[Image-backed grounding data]
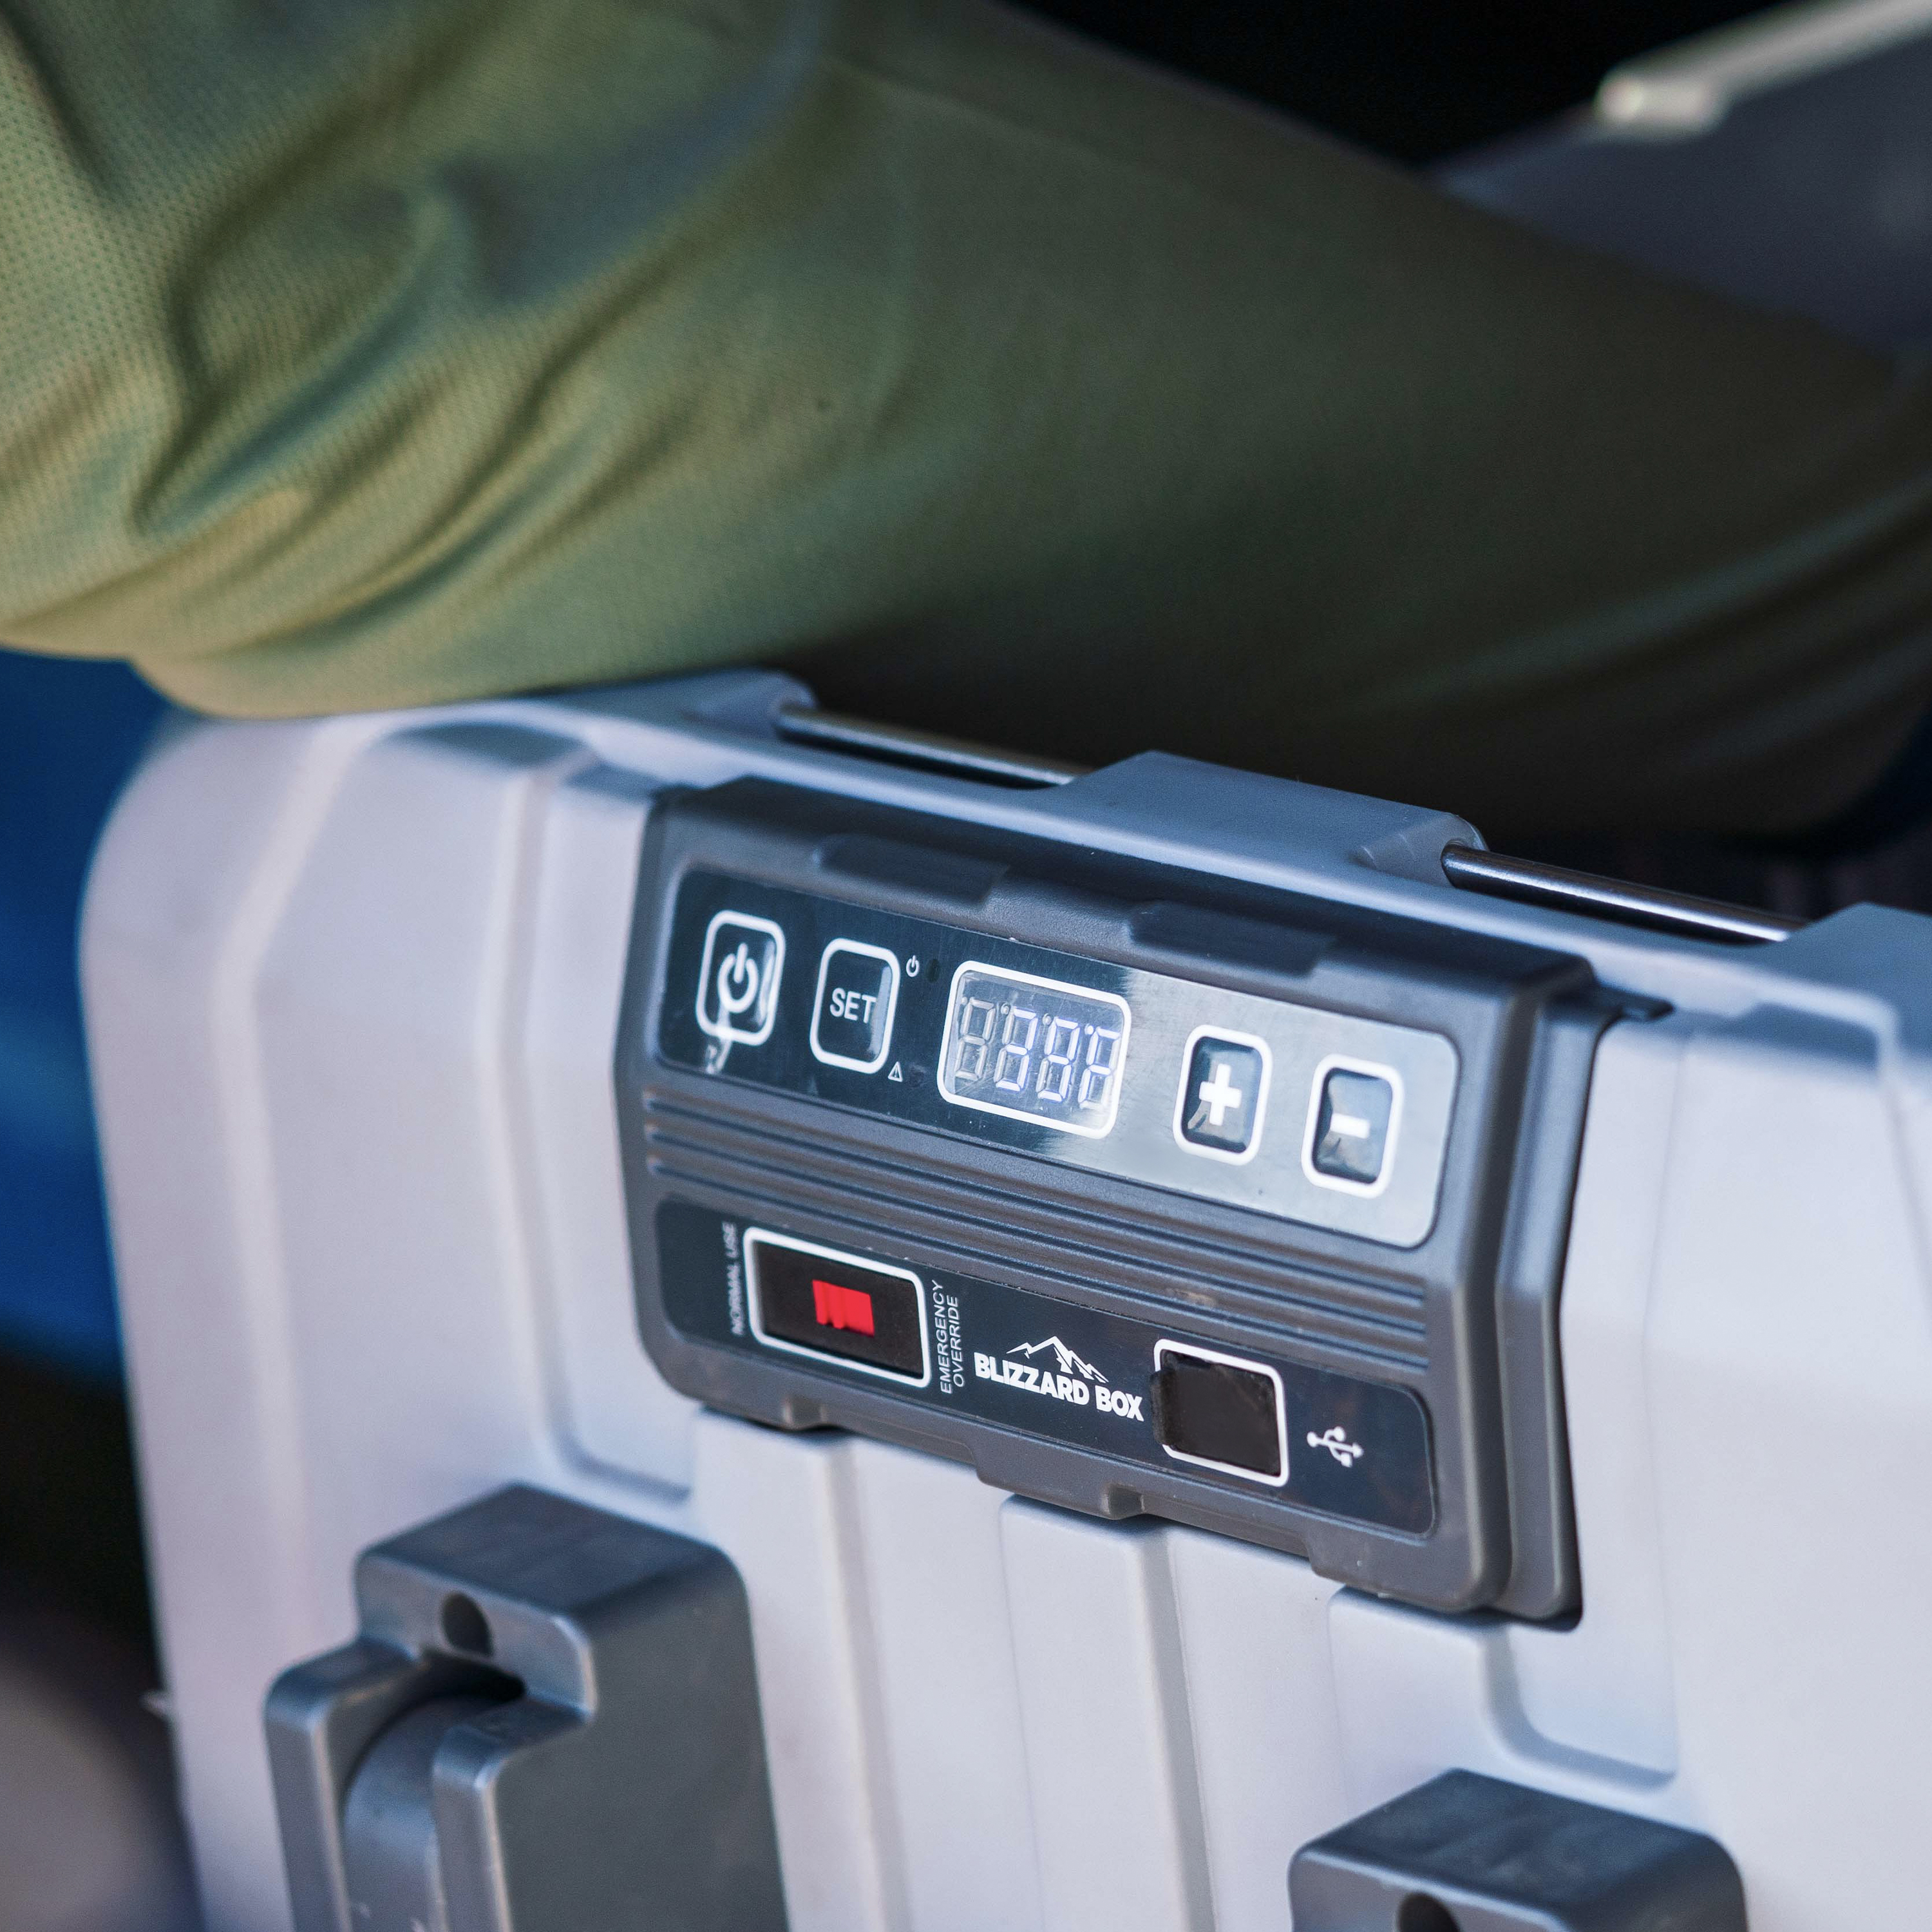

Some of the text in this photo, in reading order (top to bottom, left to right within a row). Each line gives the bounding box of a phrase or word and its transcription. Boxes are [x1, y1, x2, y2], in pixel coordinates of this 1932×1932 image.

[830, 988, 876, 1023] SET
[723, 1223, 737, 1258] USE
[933, 1280, 952, 1394] EMERGENCY
[947, 1295, 965, 1387] OVERRIDE
[975, 1352, 1144, 1421] BLIZZARD BOX
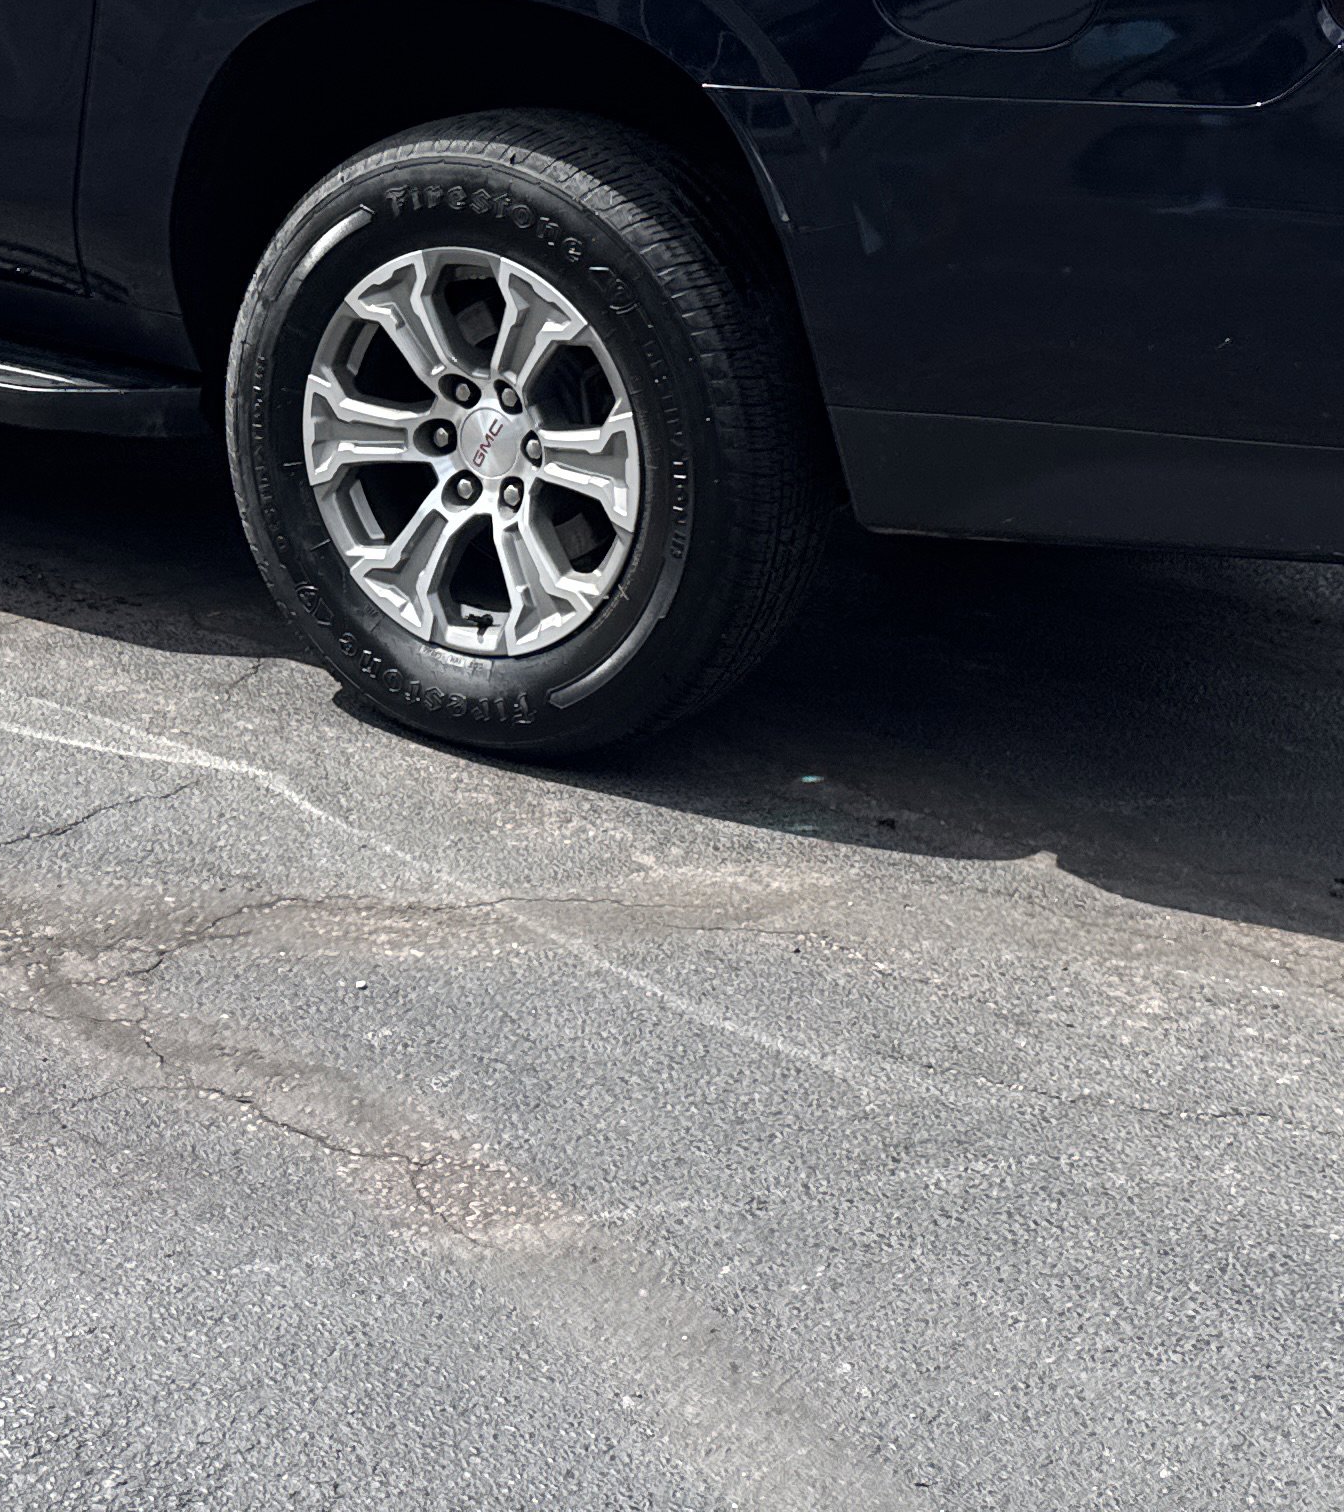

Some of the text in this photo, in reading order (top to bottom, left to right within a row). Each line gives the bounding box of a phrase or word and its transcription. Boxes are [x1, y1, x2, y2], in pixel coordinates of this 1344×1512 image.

[384, 184, 583, 264] Firestone
[472, 417, 504, 468] GMC
[338, 631, 538, 726] Firestone
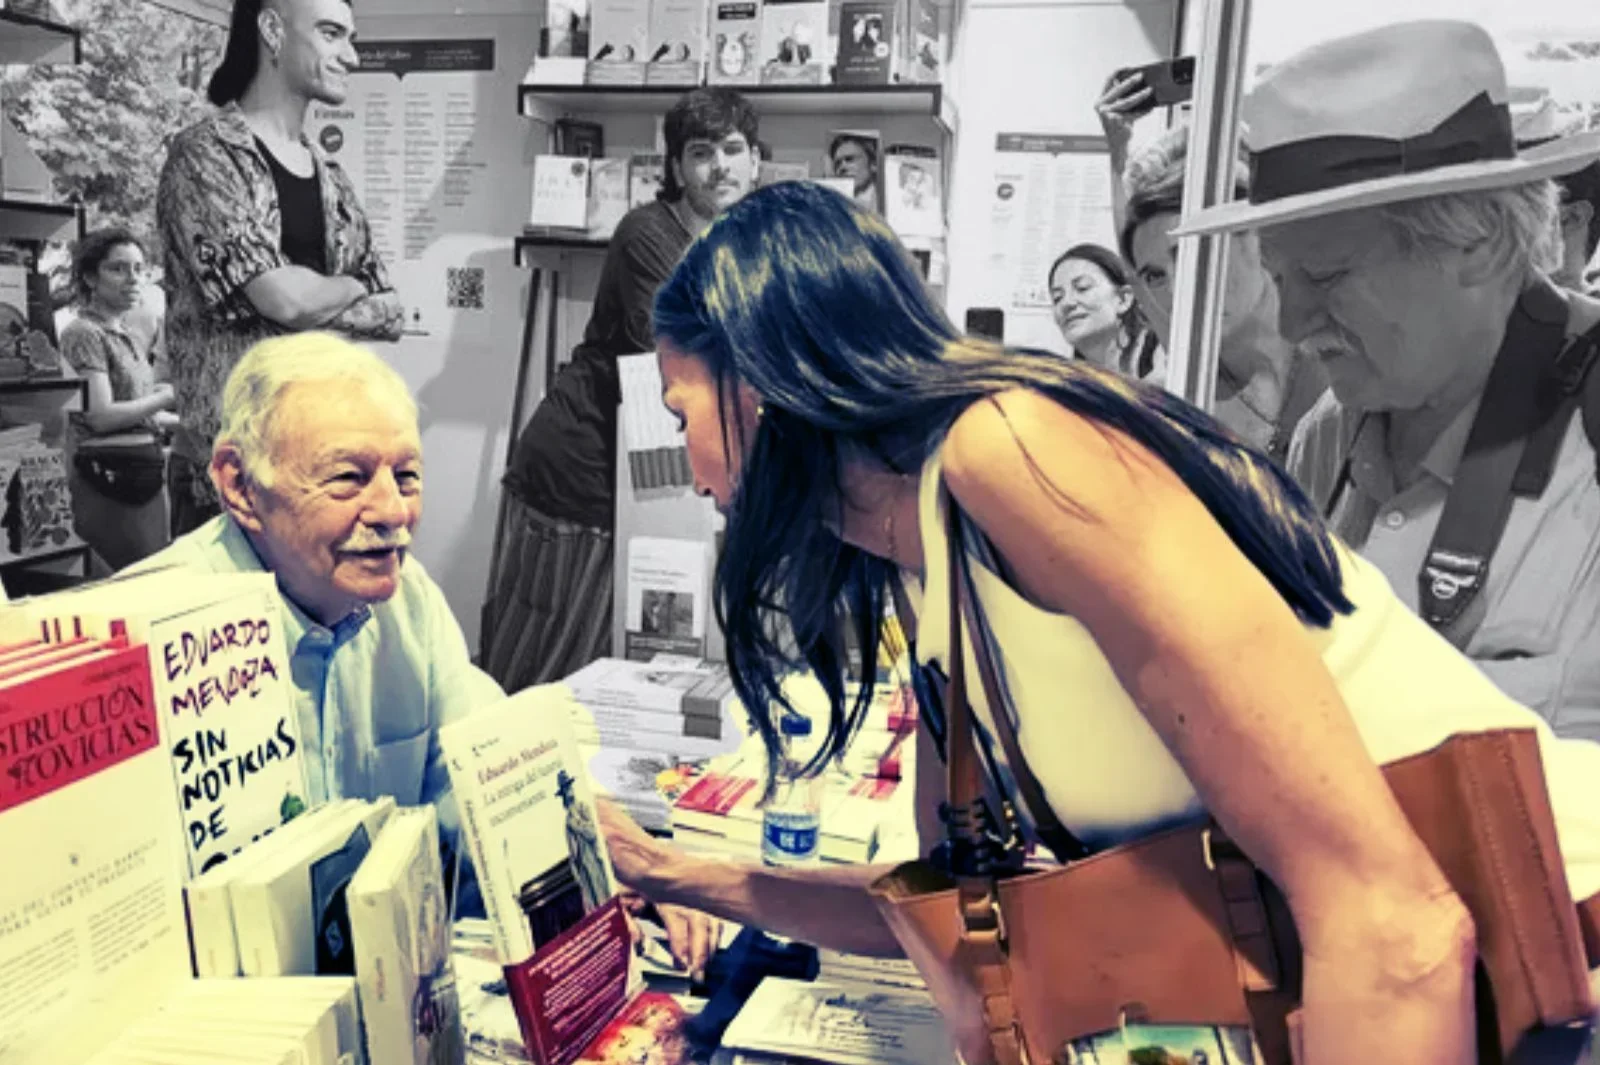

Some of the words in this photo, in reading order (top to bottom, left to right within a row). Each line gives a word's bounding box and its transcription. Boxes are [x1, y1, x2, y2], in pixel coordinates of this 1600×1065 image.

[163, 619, 271, 682] EDUARDO
[170, 655, 279, 717] MENDOZA
[172, 728, 227, 773] SIN
[181, 717, 297, 810] NOTICIAS
[189, 804, 228, 851] DE

[EXERCISE BRIEF]
Without any of the pictures, repeat the entries above word for word.

[EXERCISE OUTPUT]
Some of the text in this photo, in reading order (top to bottom, left to right within a row). Each line gives the bounding box of a phrase or word and its transcription. Boxes are [x1, y1, x2, y2], in pixel coordinates of this 1932×1932 image.

[830, 988, 876, 1023] SET
[723, 1223, 737, 1258] USE
[933, 1280, 952, 1394] EMERGENCY
[947, 1295, 965, 1387] OVERRIDE
[975, 1352, 1144, 1421] BLIZZARD BOX

Some of the text in this photo, in reading order (top to bottom, left to right within a row). Each line gives the bounding box of a phrase or word and its transcription. Boxes are [x1, y1, x2, y2], in pixel coordinates of this 1344×1512 image.

[384, 184, 583, 264] Firestone
[472, 417, 504, 468] GMC
[338, 631, 538, 726] Firestone

Some of the words in this photo, in reading order (top to bottom, left to right within a row). Each line gives a word's bounding box and its transcription. Boxes are [x1, y1, x2, y2], in pixel coordinates of this 1600×1065 image.

[163, 619, 271, 682] EDUARDO
[170, 655, 279, 717] MENDOZA
[172, 728, 227, 773] SIN
[181, 717, 297, 810] NOTICIAS
[189, 804, 228, 851] DE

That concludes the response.